When failed travelers step off the free flights home, they say they’re faced with disappointed family members and cast adrift in a job market that’s left them behind. One of the few marketable skills the returnees have is their knowledge of the route north. There are so many people desperate for help getting there, deportees say they quickly find other hopeful migrants willing to pay them as guides.

“They are wasting their time by deporting illegal immigrants,” said Fred Ogbeifuu, 27. After Spain deported him to Nigeria in 2004, Ogbeifuu said he guided six people on his second trip north.

“If they deport me this time around, I will come back with all my family,” Ogbeifuu said. “I will pack them down to Europe.”

It was just such an arrangement that led Kingsley Okojie’s 25 fellow travelers to their death in the desert this year.

Okojie’s first trip had ended with his arrest in Spain in 2007. He said he’d spent just 8 months in the country. Still, in that time, he’d managed to find a job at a grocery store in Madrid — and marry the girl who’d followed him from Nigeria and had just given birth to his son, Kingsley Jr..

Okojie said he spent 48 days in a Spanish jail while a lawyer unsuccessfully argued his case. When police came to drag him aboard a plane bound for Nigeria, Okojie said he nearly went crazy trying to resist.

“They had to tie me,” he said. “Yeah, they tied me.”

Back in Nigeria, Okojie couldn’t find work. Before his departure, he’d studied business administration at university, but there was no money to continue. Desperate to return to his family in Spain, beset by requests to be guided north, Okojie said he finally decided, “I have to move.”

Twenty-six people moved with him, from Nigeria to Mali to Niger. But the Land Cruiser they hired to take them into Algeria became lost in the braided sand tracks that crisscross the Sahara. The truck strayed into Libya. “A journey that was supposed to take us two or three days
took us two weeks,” Okojie said.

Food and water soon ran out. As the weakest died, their bodies were thrown from the truck, he said. One girl in the group had saved a bottle of 7-Up for herself for days. Near the end, she chose to give this last bit of liquid to the driver, Okojie recalled, begging him, “Take us out of this desert.”
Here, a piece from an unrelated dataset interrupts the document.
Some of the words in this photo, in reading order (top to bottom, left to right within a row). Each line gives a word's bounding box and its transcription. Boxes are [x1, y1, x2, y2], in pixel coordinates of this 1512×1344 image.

“She died,” he said. “Everybody died … save two.”

Libyan police found Okojie and one other man in a patch of desert littered with bodies, he said. One of the officers was so appalled by the scene that he recorded it, giving a copy of the file to Okojie, he said.
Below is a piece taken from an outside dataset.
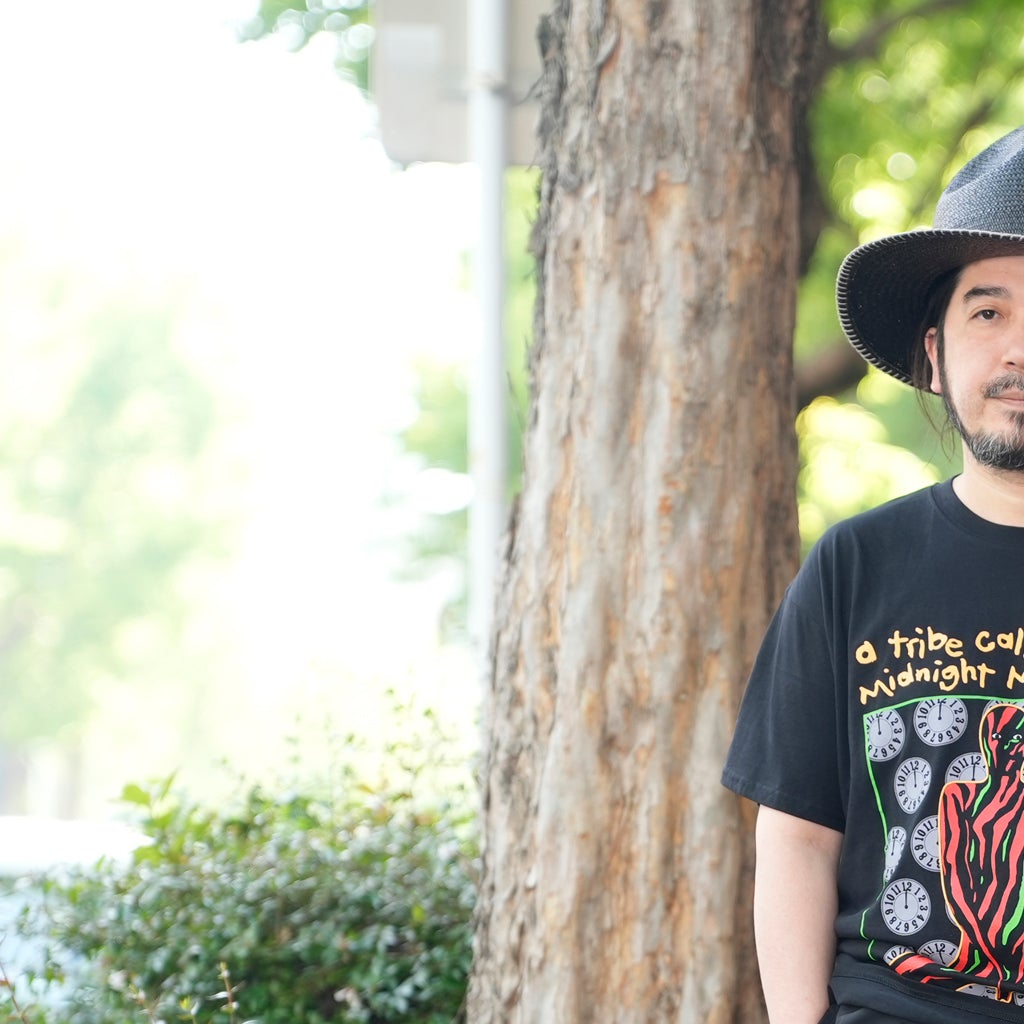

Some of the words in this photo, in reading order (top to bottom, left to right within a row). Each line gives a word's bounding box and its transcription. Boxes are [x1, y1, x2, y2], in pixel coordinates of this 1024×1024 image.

[855, 641, 878, 665] a
[888, 627, 964, 659] tribe
[859, 657, 996, 705] Midnight
The surviving pair was treated for severe dehydration, he said, before authorities threw them into a jail for illegal immigrants. Okojie said he escaped earlier this year, alongside hundreds of others who staged a jailbreak. He then made his way to Morocco, carrying little more than a crucifix he hopes to give his son, and his video record of the dead.
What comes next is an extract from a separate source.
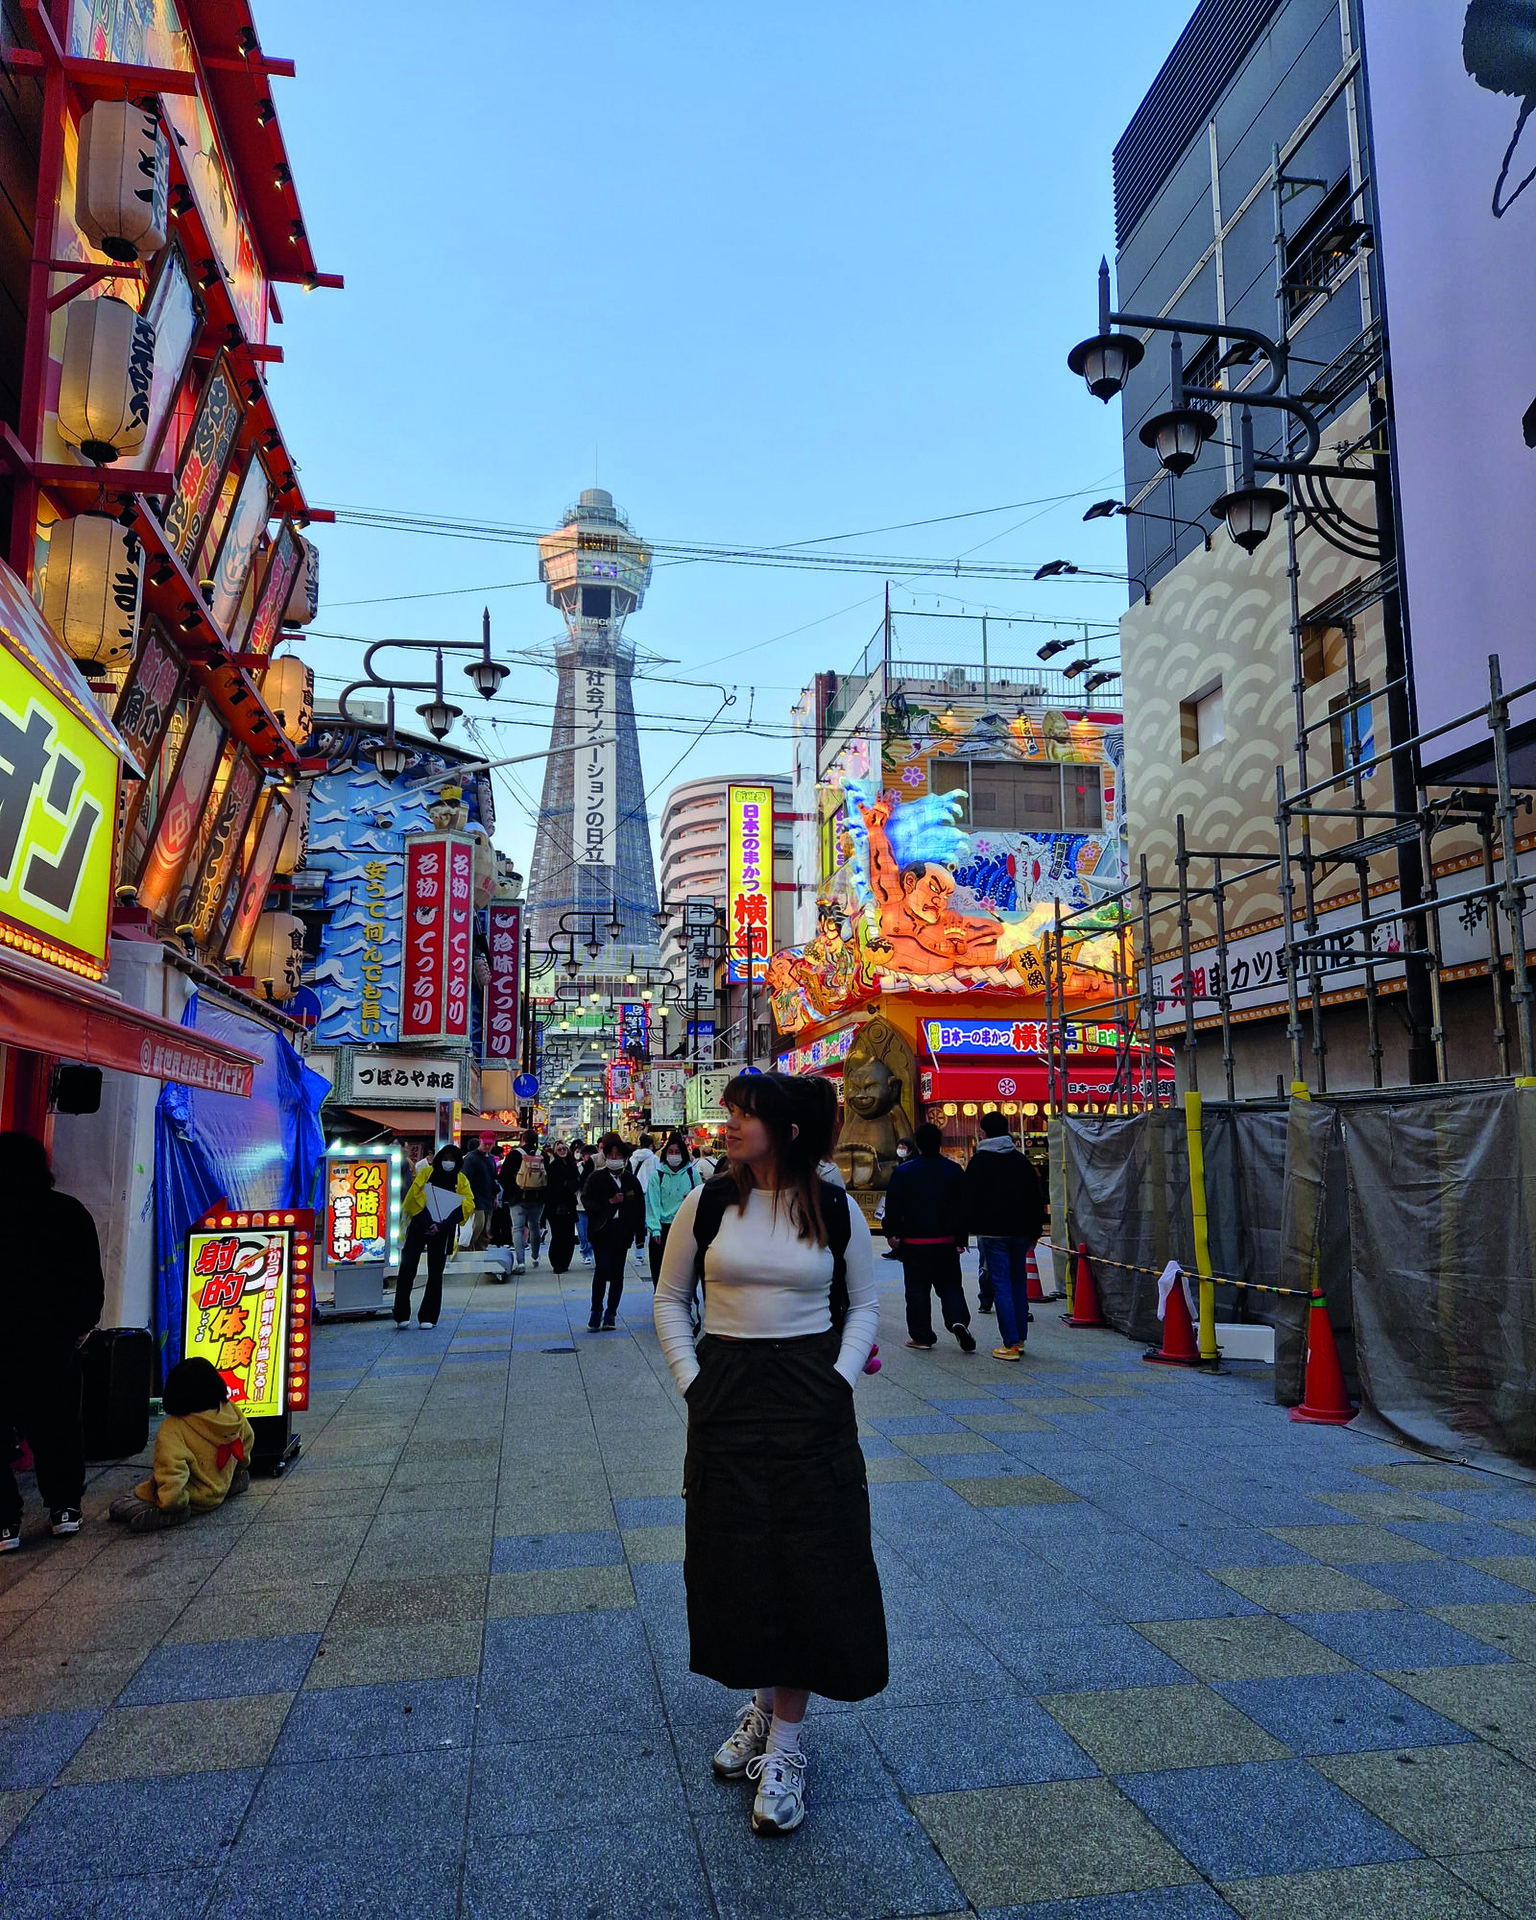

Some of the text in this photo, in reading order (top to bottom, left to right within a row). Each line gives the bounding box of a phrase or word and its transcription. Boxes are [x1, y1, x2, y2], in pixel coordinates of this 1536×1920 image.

The final image in the phone is of Okojie himself, being drenched with water outside a medical clinic. He is seated on a concrete step, head down, his skin glinting like wet granite. His lean frame doesn’t resemble a famine victim so much as a marathoner — or, as Okojie puts it, “a soldier.”

His lonely war with distance is waged with a singular yet familiar goal. “To be with my family and live a wonderful good life with them.

A good life, a good job,” he said. “That’s my dream.”